══ Task material
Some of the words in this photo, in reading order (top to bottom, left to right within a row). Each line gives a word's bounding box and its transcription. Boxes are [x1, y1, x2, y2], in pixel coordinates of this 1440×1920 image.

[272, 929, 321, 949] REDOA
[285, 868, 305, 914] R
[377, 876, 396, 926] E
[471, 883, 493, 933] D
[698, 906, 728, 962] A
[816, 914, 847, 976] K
════
Assigned task: Now repeat the data exactly, keeping every line.

Exercise solution:
Some of the words in this photo, in reading order (top to bottom, left to right within a row). Each line gives a word's bounding box and its transcription. Boxes are [x1, y1, x2, y2], in pixel coordinates of this 1440×1920 image.

[272, 929, 321, 949] REDOA
[285, 868, 305, 914] R
[377, 876, 396, 926] E
[471, 883, 493, 933] D
[698, 906, 728, 962] A
[816, 914, 847, 976] K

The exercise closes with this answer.